Other fatty acids, islet autoimmunity, and T1D

We observed that higher intake of MUFAs and arachidonic acid was associated with a decreased risk of islet autoimmunity with and without energy-adjustment and that higher intake of total fat and n-6 PUFA was associated decreased risk of islet autoimmunity only when energy-adjusted. To our knowledge such associations have not been reported before. The DAISY study reported no association between n-6 fatty acids and arachidonic acid intake with islet autoimmunity but MUFAs and total fats were not assessed in that study [12]. Biomarker studies report inconsistent observations on the associations between individual MUFAs and n-6 PUFAs on the risk of islet autoimmunity [12, 15,16,17].

Finally, we observed that higher energy-adjusted intake of total fats and SFA was associated with decreased risk of T1D. To our knowledge, these are novel observations and the SFA association is against the initial hypothesis.
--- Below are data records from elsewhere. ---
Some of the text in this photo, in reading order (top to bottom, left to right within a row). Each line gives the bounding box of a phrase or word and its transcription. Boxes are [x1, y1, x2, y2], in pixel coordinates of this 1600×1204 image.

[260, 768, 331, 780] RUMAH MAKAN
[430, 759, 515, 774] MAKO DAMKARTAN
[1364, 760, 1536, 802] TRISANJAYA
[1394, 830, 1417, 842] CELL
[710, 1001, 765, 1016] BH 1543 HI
Hypothetically, higher fat and SFA intake could reflect lower glycemic load of the diet and decrease in postprandial glycemic responses [45]. This could decrease the load of the pancreatic beta cells and delay disease onset [46]. Alternatively, very high fat diet could mimic ketogenic diet [47], which has been suggested to decrease inflammation [48]. However, there are several uncertainties in the causality and mechanisms, and additional studies are therefore needed.
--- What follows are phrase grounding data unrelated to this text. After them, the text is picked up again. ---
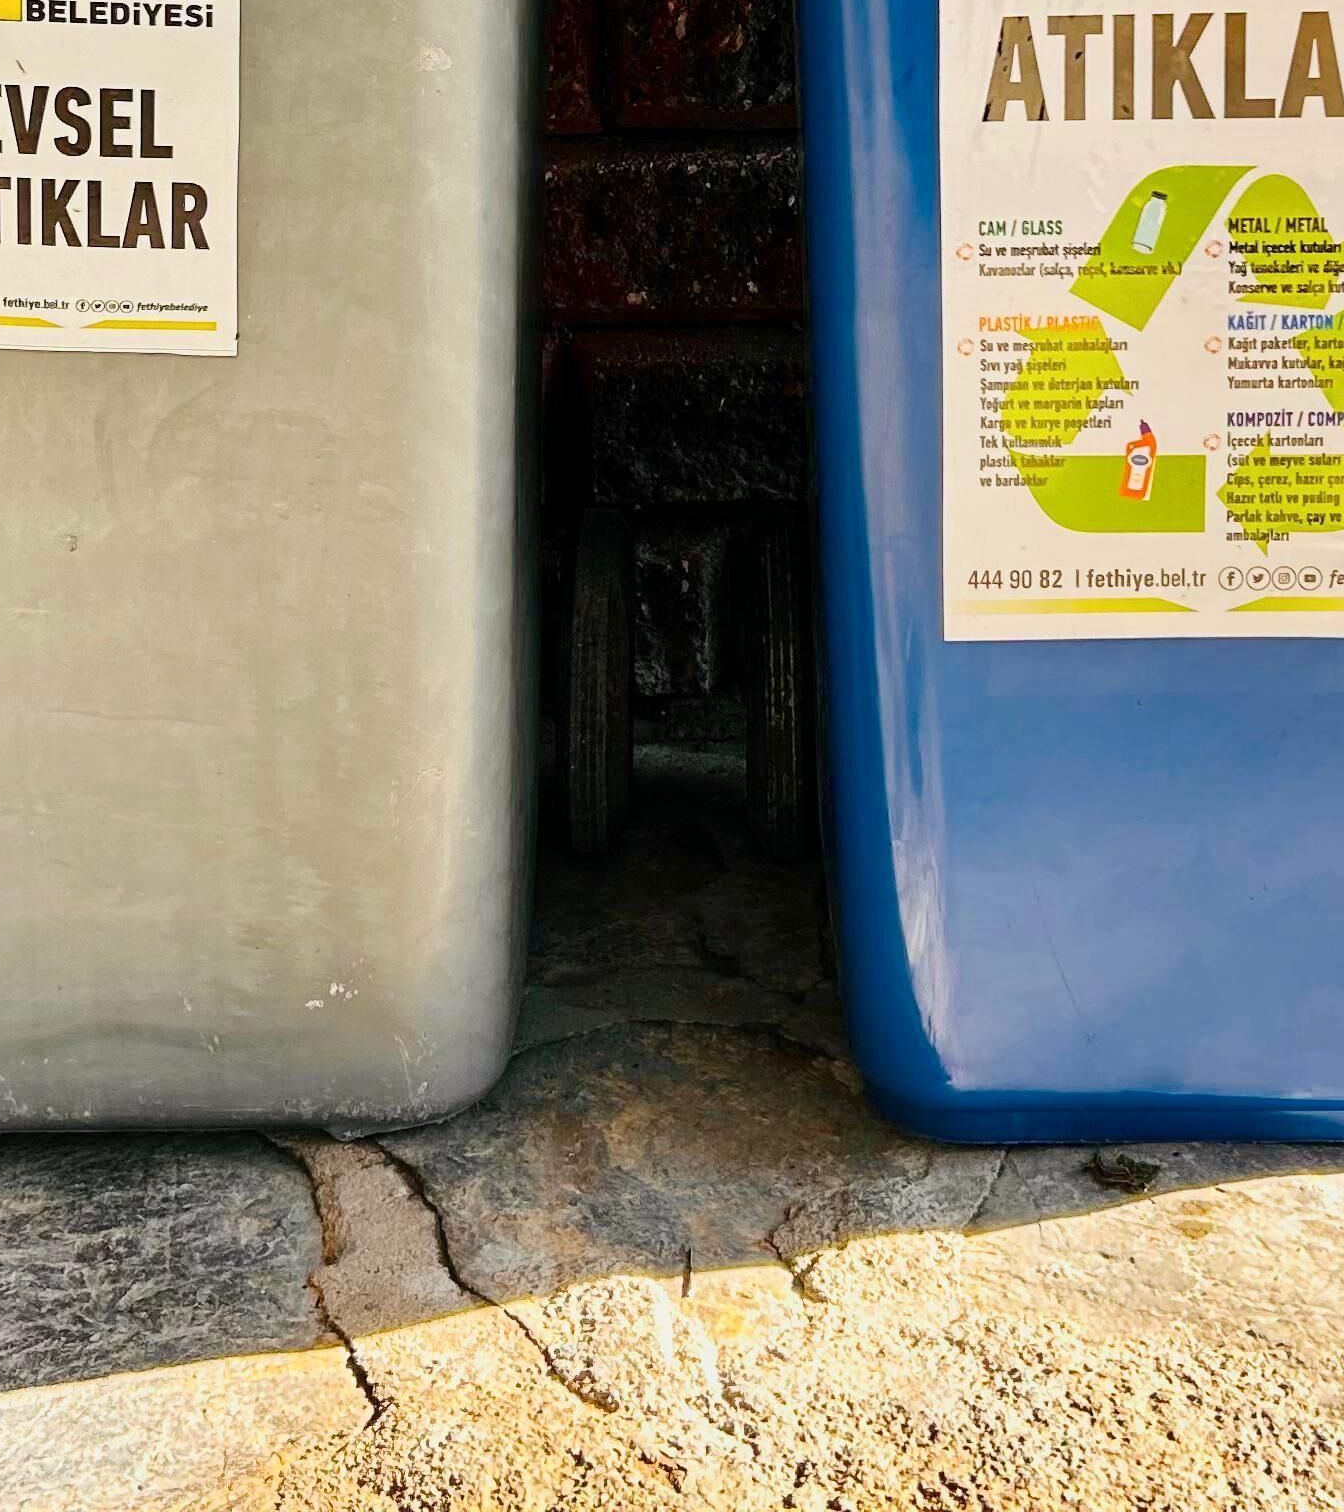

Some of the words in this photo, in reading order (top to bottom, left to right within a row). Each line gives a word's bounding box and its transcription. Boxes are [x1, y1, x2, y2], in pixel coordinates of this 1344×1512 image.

[979, 221, 1006, 236] CAM
[1022, 220, 1062, 235] GLASS
[1228, 218, 1271, 233] METAL
[1286, 217, 1328, 233] METAL
[979, 243, 991, 256] Su
[996, 245, 1006, 256] ve
[1229, 241, 1258, 253] Metal
[1228, 261, 1247, 276] Yağ
[1308, 263, 1319, 273] ve
[1228, 281, 1277, 293] Konserve
[1281, 283, 1293, 293] ve
[1297, 281, 1324, 296] salça
[979, 314, 1031, 332] PLASTİK
[1048, 315, 1099, 330] PLASTIC
[1228, 311, 1267, 330] KAĞIT
[1282, 315, 1333, 330] KARTON
[980, 339, 993, 352] Su
[997, 341, 1008, 352] ve
[1228, 337, 1256, 352] Kağıt
[980, 359, 1000, 371] Sıvı
[1004, 359, 1023, 374] yağ
[1027, 358, 1066, 374] şişeleri
[1228, 357, 1277, 369] Mukavva
[1032, 379, 1044, 390] ve
[1227, 376, 1274, 388] Yumurta
[1278, 376, 1333, 388] kartonları
[980, 397, 1015, 413] Yoğurt
[1018, 399, 1029, 409] ve
[1034, 397, 1081, 412] margarin
[1086, 396, 1123, 411] kapları
[980, 416, 1011, 432] Kargo
[1015, 418, 1027, 428] ve
[1031, 416, 1060, 432] kurye
[1227, 409, 1292, 427] KOMPOZİT
[980, 436, 998, 448] Tek
[1267, 433, 1323, 447] kartonları
[980, 455, 1016, 470] plastik
[1228, 453, 1249, 467] (süt
[1253, 456, 1266, 465] ve
[1270, 456, 1305, 468] meyve
[1309, 453, 1340, 465] suları
[980, 476, 992, 486] ve
[996, 474, 1048, 487] bardaklar
[1296, 473, 1323, 484] hazır
[1227, 492, 1255, 504] Hazır
[1286, 494, 1299, 503] ve
[1302, 492, 1339, 506] puding
[1227, 511, 1262, 523] Parlak
[1307, 513, 1326, 525] çay
[1330, 513, 1341, 522] ve
[1226, 529, 1289, 544] ambalajları
[968, 570, 1003, 589] 444
[1010, 570, 1032, 589] 90
[1039, 570, 1062, 589] 82
[1086, 569, 1206, 591] fethiye.bel.tr
Energy-adjustment affected some of the associations, especially those between fat variables with largest intakes and T1D outcome. The selected energy-adjustments gives us isocaloric interpretation: e.g. What is the risk of T1D when, intake of specific fatty acid increases while energy intake remains the same (and therefore intake from other energy sources: other fatty acids, carbohydrates or proteins, decreases)? Our results indicate that fats, although energy-yielding nutrients, do not increase the risk of T1D and the protective association of total fat and SFA might reflect a risk associated with higher intake of other energy-yielding nutrients. Same phenomenon was seen in progression analyses. Although we observed that reverse causation may explain the association between energy intake and risk of T1D, there was no indication of reverse causality on the protective energy-adjusted associations of total fat and SFA with T1D.

Conclusions

In this prospective cohort that includes children with an increased risk of T1D, intake of several fatty acids, including intake of n-3 fatty acids was associated with a decreased risk of islet autoimmunity. Total fat and SFA intake was associated with the risk of T1D, only when energy was taken into account. Our findings support the idea that dietary factors, including n-3 fatty acids, may play a role in the disease process of T1D.